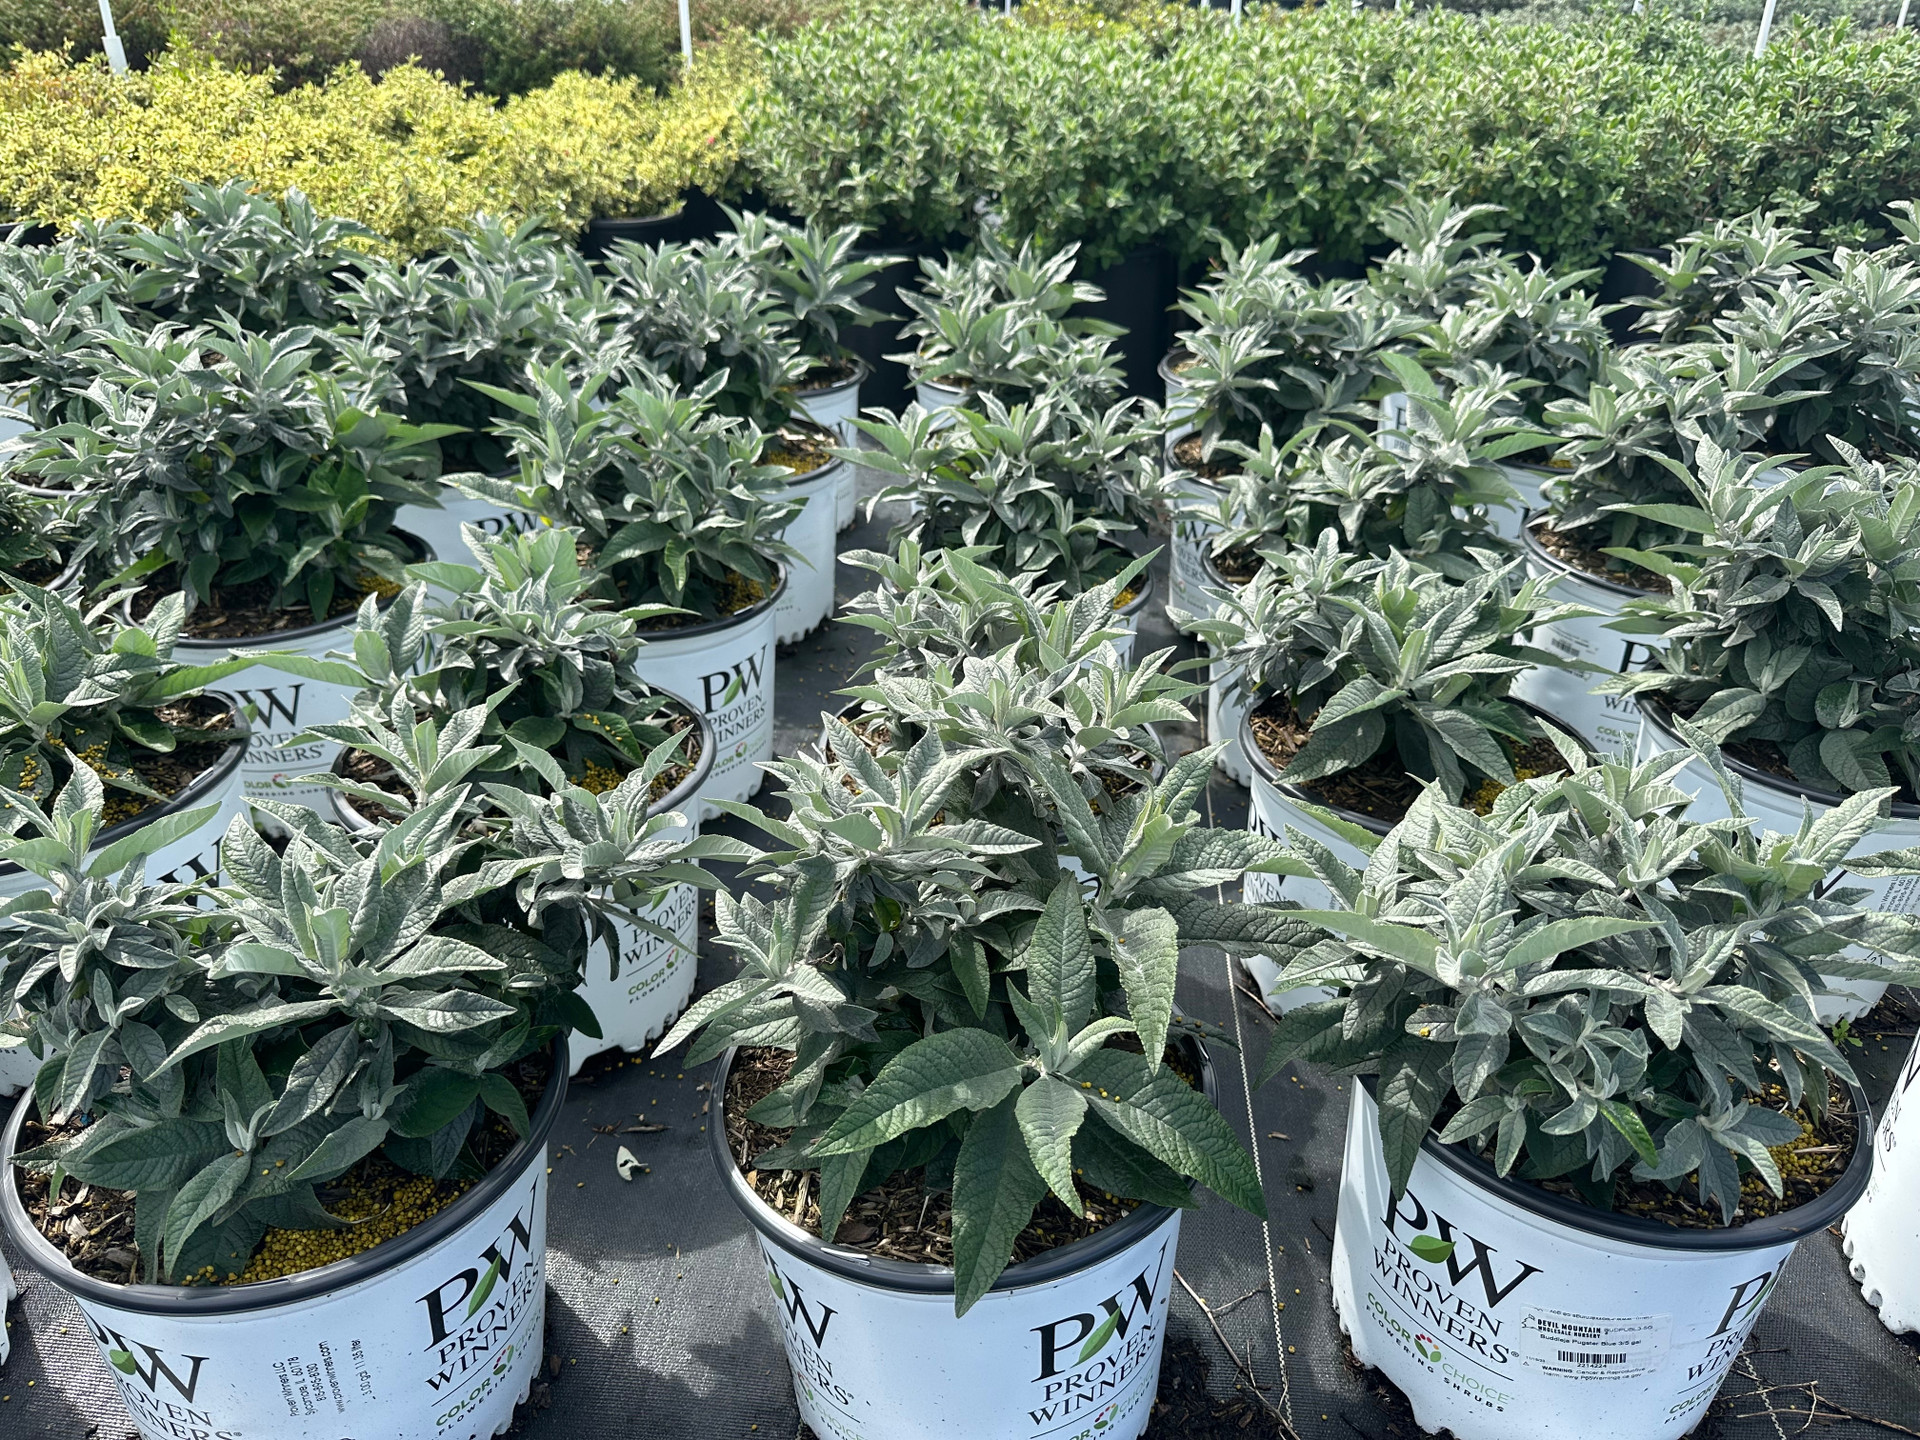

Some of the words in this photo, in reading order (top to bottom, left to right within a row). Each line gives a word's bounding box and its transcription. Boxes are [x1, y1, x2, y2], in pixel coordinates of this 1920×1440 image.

[698, 643, 767, 714] PW
[628, 968, 665, 995] COLOR
[416, 1172, 539, 1352] PW
[1380, 1184, 1544, 1309] PW
[1384, 1235, 1504, 1337] PROVEN
[438, 1251, 535, 1367] PROVEN
[1030, 1235, 1170, 1383] PW
[1043, 1311, 1156, 1402] PROVEN
[1368, 1292, 1412, 1344] COLOR
[1442, 1363, 1511, 1405] CHOICE
[1537, 1318, 1559, 1329] DEVIL
[1561, 1323, 1601, 1333] MOUNTAIN
[1538, 1325, 1571, 1336] WHOLESALE
[272, 1362, 286, 1374] LLC
[436, 1378, 490, 1426] COLOR
[1366, 1305, 1434, 1373] FLOWERING
[1443, 1377, 1505, 1412] SHRUBS
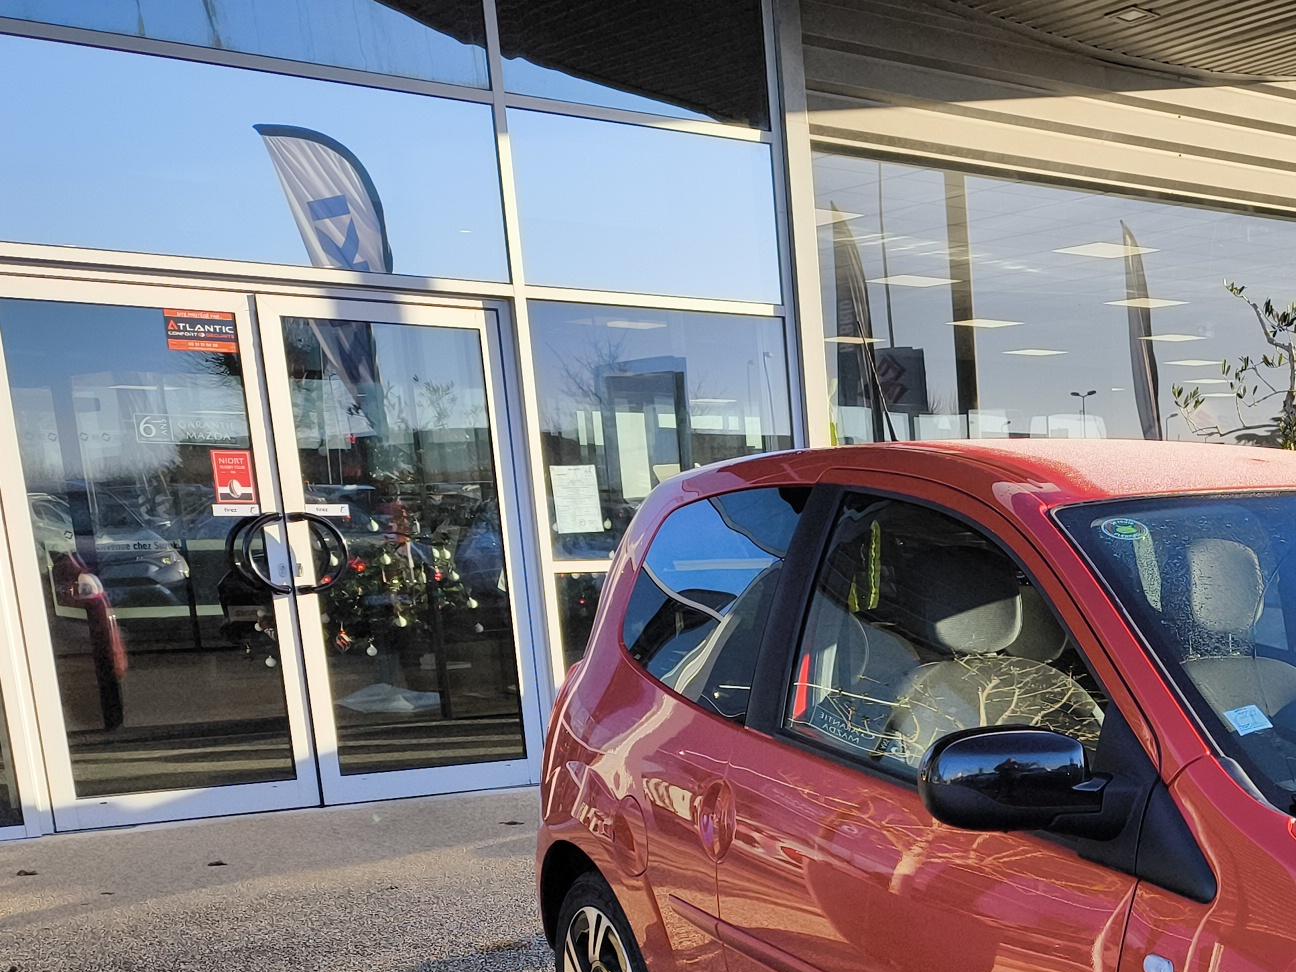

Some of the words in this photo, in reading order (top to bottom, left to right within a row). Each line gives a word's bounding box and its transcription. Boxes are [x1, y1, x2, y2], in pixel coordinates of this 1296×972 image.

[168, 319, 235, 334] ATLANTIC
[139, 416, 156, 438] 6
[186, 431, 231, 441] MAZDA
[218, 457, 244, 465] NIORT
[133, 541, 152, 550] chez
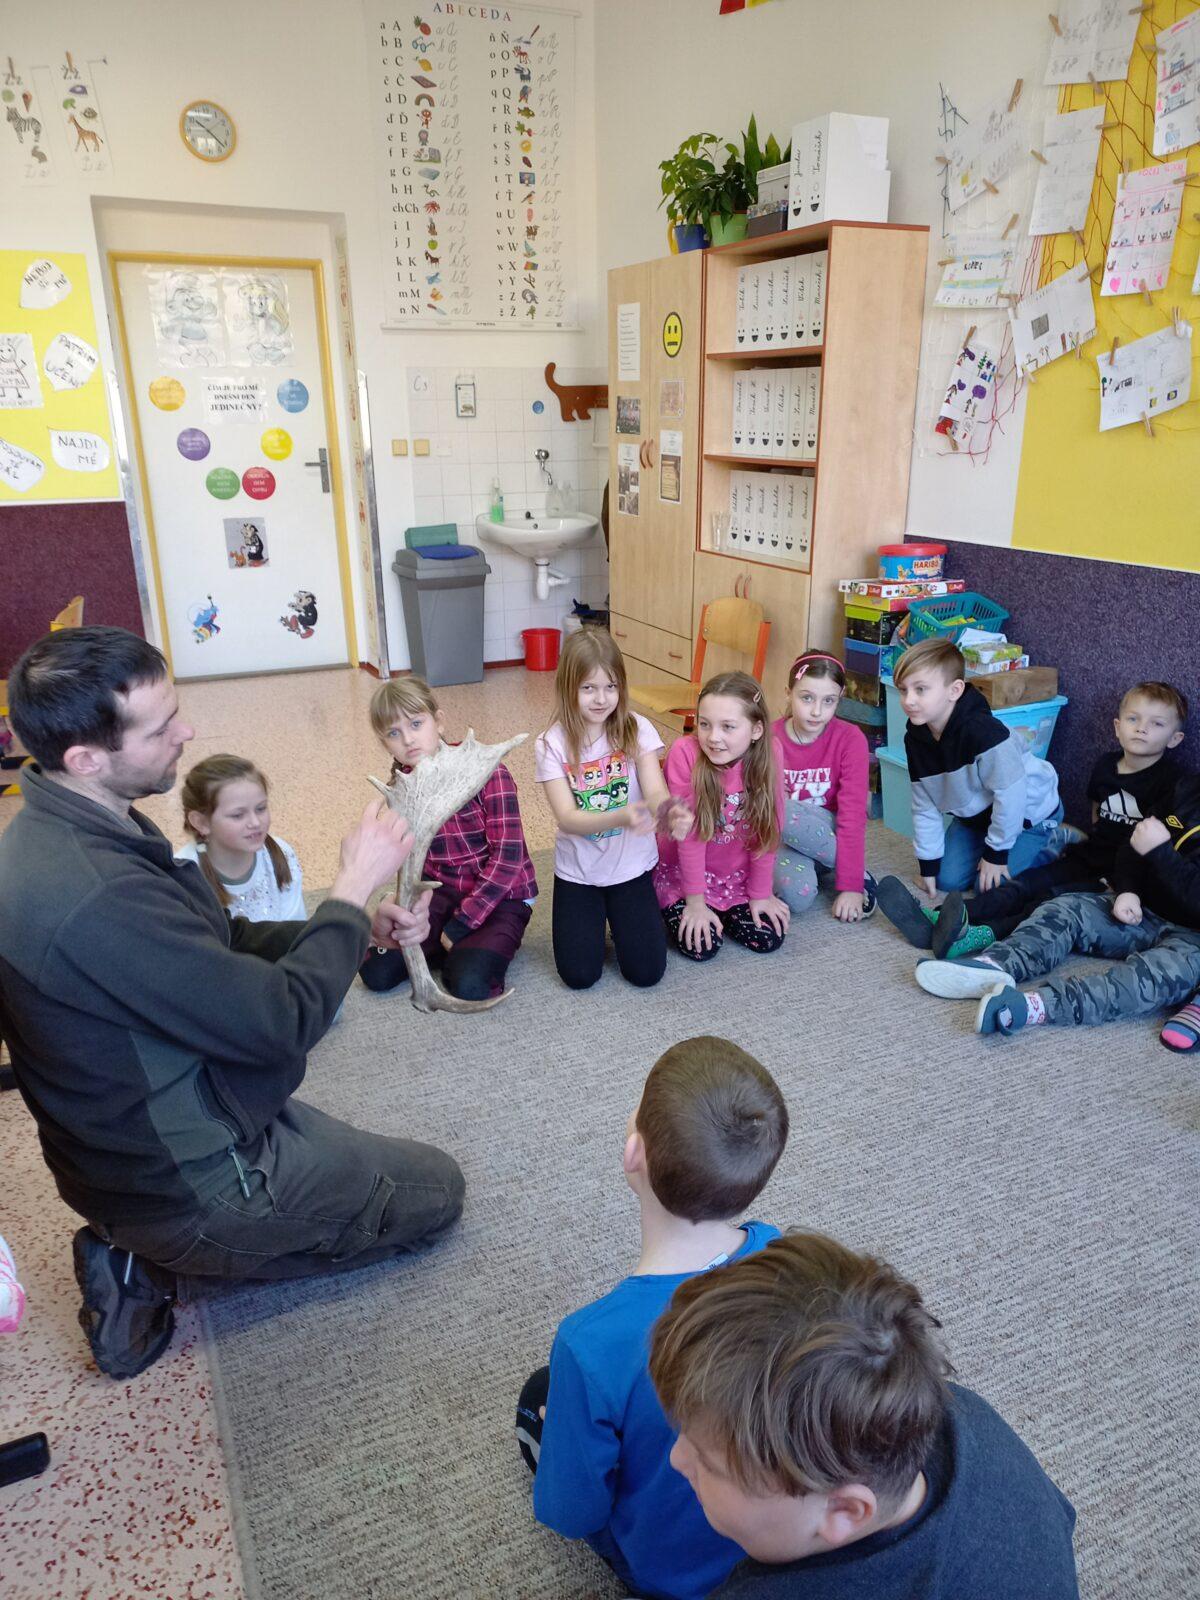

- What is needed: Transcribe each entry exactly; images stay out.

- Answer to the problem:
Some of the words in this photo, in reading order (top to bottom, left to right within a row). Each line gives a word's bounding box and its transcription. Boxes are [x1, y1, x2, y2], in pixel coordinates of this 1920×1440 image.

[698, 643, 767, 714] PW
[628, 968, 665, 995] COLOR
[416, 1172, 539, 1352] PW
[1380, 1184, 1544, 1309] PW
[1384, 1235, 1504, 1337] PROVEN
[438, 1251, 535, 1367] PROVEN
[1030, 1235, 1170, 1383] PW
[1043, 1311, 1156, 1402] PROVEN
[1368, 1292, 1412, 1344] COLOR
[1442, 1363, 1511, 1405] CHOICE
[1537, 1318, 1559, 1329] DEVIL
[1561, 1323, 1601, 1333] MOUNTAIN
[1538, 1325, 1571, 1336] WHOLESALE
[272, 1362, 286, 1374] LLC
[436, 1378, 490, 1426] COLOR
[1366, 1305, 1434, 1373] FLOWERING
[1443, 1377, 1505, 1412] SHRUBS

Some of the words in this photo, in reading order (top to bottom, left to right within a row). Each line gives a word's bounding box and its transcription. Boxes are [x1, y1, x2, y2], in pixel coordinates of this 1296×972 image.

[168, 319, 235, 334] ATLANTIC
[139, 416, 156, 438] 6
[186, 431, 231, 441] MAZDA
[218, 457, 244, 465] NIORT
[133, 541, 152, 550] chez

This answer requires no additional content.